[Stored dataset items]
_ _ _ _
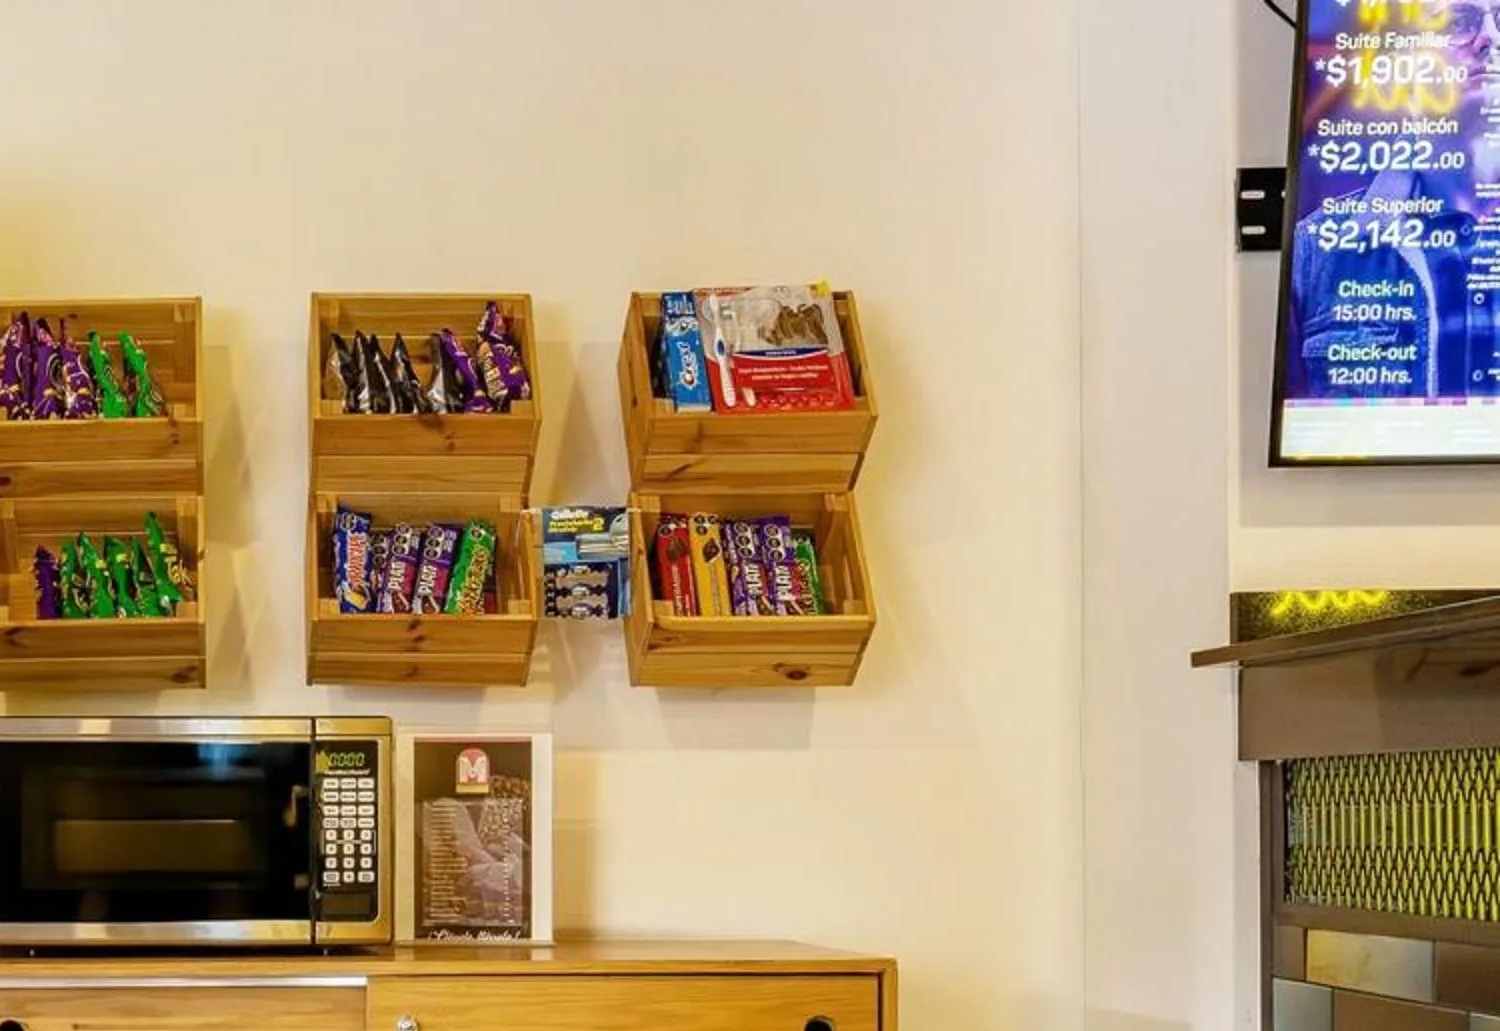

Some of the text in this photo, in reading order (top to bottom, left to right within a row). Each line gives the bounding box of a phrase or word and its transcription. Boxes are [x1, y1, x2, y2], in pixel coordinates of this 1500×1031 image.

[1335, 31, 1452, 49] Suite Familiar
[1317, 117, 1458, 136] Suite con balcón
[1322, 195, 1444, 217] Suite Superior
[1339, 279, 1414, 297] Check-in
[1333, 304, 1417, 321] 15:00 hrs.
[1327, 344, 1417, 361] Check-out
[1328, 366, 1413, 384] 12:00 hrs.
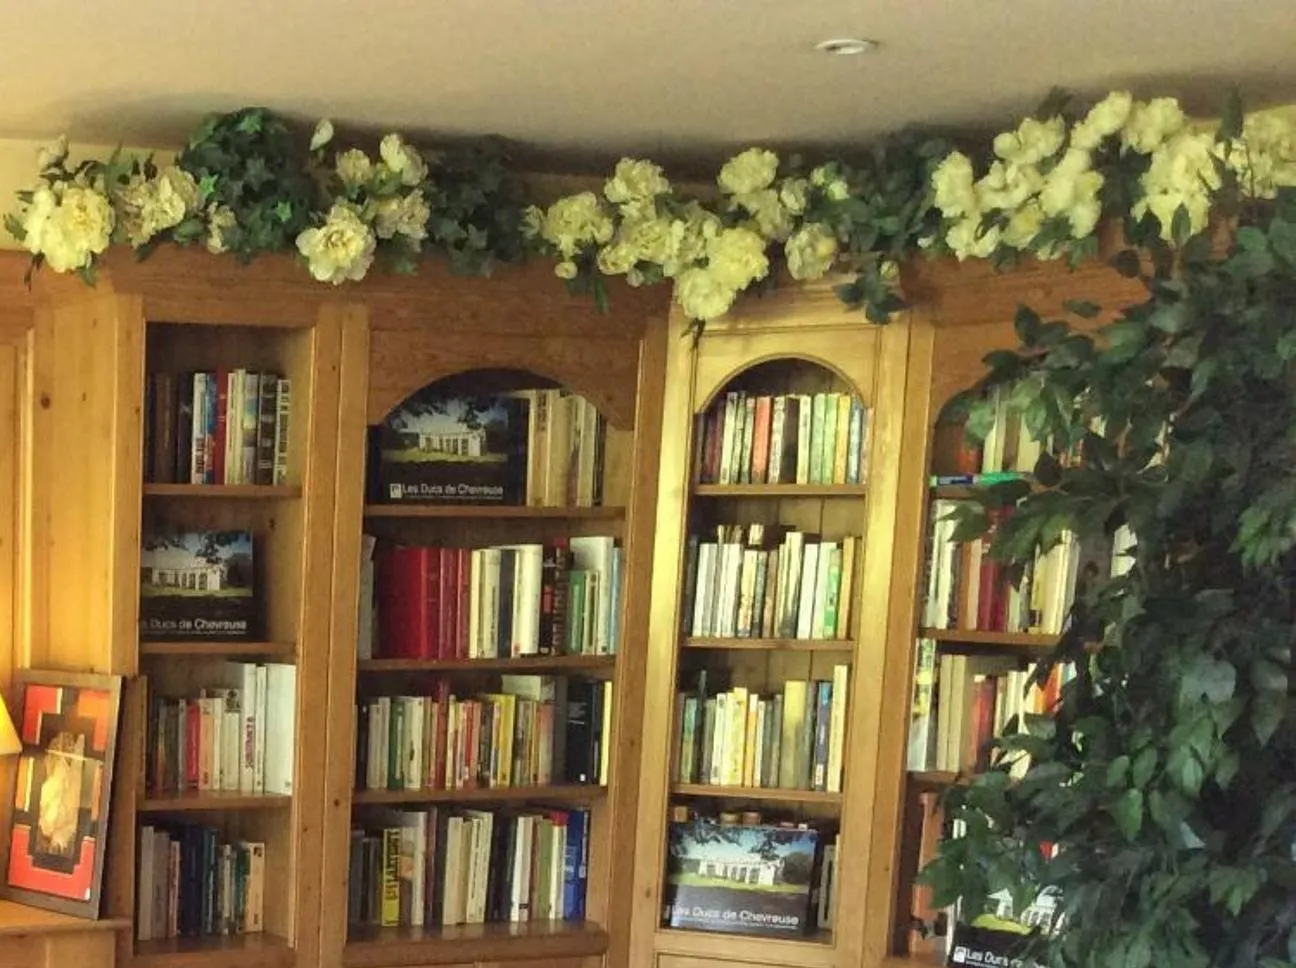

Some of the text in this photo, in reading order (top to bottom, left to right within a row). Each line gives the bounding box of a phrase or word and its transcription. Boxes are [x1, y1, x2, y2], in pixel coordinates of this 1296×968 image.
_ _ _ _
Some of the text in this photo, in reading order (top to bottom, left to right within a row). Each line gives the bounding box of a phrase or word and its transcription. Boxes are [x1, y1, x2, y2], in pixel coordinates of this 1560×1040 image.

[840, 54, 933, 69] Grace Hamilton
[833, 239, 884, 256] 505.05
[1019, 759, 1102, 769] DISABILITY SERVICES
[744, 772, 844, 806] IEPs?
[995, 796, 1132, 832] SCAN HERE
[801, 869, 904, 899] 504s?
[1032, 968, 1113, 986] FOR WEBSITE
_ _ _ _
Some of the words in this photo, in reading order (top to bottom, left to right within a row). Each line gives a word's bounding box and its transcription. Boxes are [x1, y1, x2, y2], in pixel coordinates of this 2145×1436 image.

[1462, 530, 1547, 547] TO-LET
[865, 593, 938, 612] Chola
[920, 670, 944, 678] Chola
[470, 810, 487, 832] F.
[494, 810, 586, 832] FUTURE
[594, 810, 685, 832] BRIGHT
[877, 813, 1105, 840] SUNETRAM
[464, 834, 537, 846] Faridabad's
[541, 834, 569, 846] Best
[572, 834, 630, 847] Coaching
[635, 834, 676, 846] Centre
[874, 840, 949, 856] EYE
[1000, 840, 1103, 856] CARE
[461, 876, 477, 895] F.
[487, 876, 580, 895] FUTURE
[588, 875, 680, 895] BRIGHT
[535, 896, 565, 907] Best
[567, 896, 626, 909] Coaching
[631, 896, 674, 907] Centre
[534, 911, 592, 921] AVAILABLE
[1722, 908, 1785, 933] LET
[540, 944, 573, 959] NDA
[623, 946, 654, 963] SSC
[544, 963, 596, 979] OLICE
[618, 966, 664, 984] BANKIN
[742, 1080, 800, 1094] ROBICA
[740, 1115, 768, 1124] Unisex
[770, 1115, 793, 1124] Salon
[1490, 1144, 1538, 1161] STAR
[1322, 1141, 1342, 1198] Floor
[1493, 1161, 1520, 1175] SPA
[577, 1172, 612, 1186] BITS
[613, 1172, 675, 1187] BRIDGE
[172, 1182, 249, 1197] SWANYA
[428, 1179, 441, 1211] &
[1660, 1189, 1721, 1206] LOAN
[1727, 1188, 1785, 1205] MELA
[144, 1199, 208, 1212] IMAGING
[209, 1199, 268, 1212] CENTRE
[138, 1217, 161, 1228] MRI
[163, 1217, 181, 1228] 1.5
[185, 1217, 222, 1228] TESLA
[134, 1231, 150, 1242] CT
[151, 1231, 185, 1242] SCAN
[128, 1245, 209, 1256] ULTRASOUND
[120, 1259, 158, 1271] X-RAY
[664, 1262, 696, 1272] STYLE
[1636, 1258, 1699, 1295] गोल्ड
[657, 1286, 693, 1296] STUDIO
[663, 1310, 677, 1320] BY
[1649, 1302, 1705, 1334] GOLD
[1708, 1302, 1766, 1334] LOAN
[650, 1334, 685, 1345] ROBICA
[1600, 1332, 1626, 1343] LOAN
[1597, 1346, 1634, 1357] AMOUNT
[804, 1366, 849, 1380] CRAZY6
_ _ _ _
§ **Problem to solve**: Although the records above contain pictures, the copy should not; retype exactly the lines from the one containing "this 1500×1031 image." through the one containing "this 1296×968 image.".

§ **Output below**:
Some of the text in this photo, in reading order (top to bottom, left to right within a row). Each line gives the bounding box of a phrase or word and its transcription. Boxes are [x1, y1, x2, y2], in pixel coordinates of this 1500×1031 image.

[1335, 31, 1452, 49] Suite Familiar
[1317, 117, 1458, 136] Suite con balcón
[1322, 195, 1444, 217] Suite Superior
[1339, 279, 1414, 297] Check-in
[1333, 304, 1417, 321] 15:00 hrs.
[1327, 344, 1417, 361] Check-out
[1328, 366, 1413, 384] 12:00 hrs.

Some of the text in this photo, in reading order (top to bottom, left to right within a row). Each line gives the bounding box of a phrase or word and its transcription. Boxes are [x1, y1, x2, y2], in pixel coordinates of this 1296×968 image.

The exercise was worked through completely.